To tank a mediocre team takes a lot of work, you may have stars with NMCs, good young players that make it hard to be really bad, and so on. I mean you're trying to turn a 85-90 point team into a 50-60 point team, that's hard to do overnight. So 2-3 years tearing it down, 3-4 years in the bottom ten, then 2-3 years building it up to a SC contender. 7-10 years of futility, with no guarantee that you'll even garner a franchise player (Rangers got Lafreniere and Kukko with #1 and #2).
If all that pain doesn't give you a better shot than rebuilding without tanking, what's the point?
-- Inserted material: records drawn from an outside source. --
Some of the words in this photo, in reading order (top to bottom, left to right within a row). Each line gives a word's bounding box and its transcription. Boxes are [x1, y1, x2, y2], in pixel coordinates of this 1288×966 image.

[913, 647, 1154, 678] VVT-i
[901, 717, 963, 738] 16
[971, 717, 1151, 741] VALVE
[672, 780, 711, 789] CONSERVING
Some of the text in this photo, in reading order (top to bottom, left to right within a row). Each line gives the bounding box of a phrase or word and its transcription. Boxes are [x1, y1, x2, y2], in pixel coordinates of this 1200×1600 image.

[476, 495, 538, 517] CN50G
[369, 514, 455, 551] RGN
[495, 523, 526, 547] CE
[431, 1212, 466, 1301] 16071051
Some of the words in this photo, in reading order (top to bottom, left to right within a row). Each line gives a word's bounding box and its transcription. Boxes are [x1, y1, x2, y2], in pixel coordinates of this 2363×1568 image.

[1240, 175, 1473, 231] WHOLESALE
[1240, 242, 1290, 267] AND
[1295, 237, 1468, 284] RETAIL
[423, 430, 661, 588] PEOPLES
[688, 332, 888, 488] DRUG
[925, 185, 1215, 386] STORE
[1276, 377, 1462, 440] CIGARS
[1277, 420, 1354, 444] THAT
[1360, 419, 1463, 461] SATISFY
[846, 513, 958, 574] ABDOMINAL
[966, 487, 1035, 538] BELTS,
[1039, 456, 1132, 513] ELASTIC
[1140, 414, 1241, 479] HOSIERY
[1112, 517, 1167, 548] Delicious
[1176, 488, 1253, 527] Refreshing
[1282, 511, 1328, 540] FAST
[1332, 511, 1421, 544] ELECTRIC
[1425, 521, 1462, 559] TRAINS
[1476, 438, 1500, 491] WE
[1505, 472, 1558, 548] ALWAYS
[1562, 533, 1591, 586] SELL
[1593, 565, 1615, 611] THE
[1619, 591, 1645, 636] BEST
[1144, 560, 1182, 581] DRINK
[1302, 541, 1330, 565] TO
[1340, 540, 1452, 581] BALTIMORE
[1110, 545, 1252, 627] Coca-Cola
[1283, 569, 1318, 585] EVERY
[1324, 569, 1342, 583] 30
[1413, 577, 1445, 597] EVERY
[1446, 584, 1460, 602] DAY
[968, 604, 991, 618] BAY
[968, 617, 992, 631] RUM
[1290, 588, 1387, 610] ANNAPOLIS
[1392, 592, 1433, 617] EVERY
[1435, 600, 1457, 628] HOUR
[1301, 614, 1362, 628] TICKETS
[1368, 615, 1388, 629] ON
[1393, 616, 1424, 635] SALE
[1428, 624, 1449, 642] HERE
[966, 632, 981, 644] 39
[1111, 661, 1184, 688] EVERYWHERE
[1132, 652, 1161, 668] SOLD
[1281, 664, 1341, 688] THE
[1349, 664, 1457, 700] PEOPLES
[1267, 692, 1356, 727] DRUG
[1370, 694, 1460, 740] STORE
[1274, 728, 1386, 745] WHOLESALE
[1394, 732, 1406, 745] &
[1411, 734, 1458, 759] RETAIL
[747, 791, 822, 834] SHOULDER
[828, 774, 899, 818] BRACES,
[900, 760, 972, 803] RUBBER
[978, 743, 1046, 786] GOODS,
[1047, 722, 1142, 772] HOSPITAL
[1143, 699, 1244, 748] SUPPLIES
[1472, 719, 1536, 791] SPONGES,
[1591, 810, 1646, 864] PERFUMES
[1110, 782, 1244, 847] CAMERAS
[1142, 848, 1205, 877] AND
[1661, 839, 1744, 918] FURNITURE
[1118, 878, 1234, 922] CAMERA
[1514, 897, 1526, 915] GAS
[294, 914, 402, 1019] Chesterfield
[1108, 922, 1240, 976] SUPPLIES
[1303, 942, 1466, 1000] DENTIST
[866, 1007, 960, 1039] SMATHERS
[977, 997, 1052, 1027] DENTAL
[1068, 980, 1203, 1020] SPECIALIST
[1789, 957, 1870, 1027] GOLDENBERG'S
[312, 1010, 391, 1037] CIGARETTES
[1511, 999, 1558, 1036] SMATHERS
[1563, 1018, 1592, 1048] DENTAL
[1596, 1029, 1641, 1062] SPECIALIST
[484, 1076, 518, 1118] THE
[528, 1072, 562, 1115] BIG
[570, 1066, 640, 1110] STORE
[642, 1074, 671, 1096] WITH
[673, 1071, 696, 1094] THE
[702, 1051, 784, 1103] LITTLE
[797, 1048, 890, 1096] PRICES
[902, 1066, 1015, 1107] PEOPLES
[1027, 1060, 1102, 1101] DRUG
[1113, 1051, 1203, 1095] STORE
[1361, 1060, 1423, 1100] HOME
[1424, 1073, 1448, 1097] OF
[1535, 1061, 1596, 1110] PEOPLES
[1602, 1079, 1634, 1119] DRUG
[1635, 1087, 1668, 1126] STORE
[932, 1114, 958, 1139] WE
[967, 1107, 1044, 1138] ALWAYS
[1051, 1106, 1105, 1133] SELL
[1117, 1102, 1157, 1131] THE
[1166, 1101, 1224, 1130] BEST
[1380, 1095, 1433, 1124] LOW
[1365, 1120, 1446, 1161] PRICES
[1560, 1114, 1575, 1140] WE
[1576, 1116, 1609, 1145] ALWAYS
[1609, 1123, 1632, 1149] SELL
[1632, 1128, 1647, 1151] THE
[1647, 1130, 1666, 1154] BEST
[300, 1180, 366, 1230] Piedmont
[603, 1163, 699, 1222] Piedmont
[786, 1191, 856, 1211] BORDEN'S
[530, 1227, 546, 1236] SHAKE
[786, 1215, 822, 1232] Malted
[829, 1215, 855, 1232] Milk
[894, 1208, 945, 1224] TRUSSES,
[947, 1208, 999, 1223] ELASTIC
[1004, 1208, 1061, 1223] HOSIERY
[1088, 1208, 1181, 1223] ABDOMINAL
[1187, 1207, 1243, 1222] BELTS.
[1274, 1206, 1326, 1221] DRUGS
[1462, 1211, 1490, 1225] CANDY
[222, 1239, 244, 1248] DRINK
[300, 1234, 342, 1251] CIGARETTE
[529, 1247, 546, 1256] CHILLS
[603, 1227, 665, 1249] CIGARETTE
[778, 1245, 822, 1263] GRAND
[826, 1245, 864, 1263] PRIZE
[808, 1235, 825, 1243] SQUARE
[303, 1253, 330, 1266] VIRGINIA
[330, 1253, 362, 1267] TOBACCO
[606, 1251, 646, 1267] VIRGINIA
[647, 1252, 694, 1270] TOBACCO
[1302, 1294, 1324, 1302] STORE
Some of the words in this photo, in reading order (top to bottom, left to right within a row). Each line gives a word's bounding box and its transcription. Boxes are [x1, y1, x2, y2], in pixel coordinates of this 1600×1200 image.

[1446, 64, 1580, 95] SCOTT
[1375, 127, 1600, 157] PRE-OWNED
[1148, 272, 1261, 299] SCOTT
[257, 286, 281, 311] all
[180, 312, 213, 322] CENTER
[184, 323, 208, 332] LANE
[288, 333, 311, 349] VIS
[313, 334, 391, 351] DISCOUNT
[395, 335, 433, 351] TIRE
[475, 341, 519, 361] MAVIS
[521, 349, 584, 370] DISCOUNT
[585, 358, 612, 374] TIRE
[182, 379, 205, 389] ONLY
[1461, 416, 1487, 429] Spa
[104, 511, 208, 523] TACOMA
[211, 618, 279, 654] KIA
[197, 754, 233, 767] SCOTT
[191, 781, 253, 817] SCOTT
Flyers had two shots to "tank", after the Carter/Richards trade and after 2018-19.
By the time Briere took over, the team was firmly ensconced in mediocrity, too much talent to hit rock bottom, not enough quality veterans with expiring contracts to easily clear house (Rangers had a bunch of guys on their last season).
At this point, it makes sense to build on what they have, check back in three years, if it doesn't work, the new GM will have plenty of assets to add a new wave of young talent will taking a step back for a couple years (i.e trade the guys in their mid-20s for draft picks and guys in low 20s and draft high).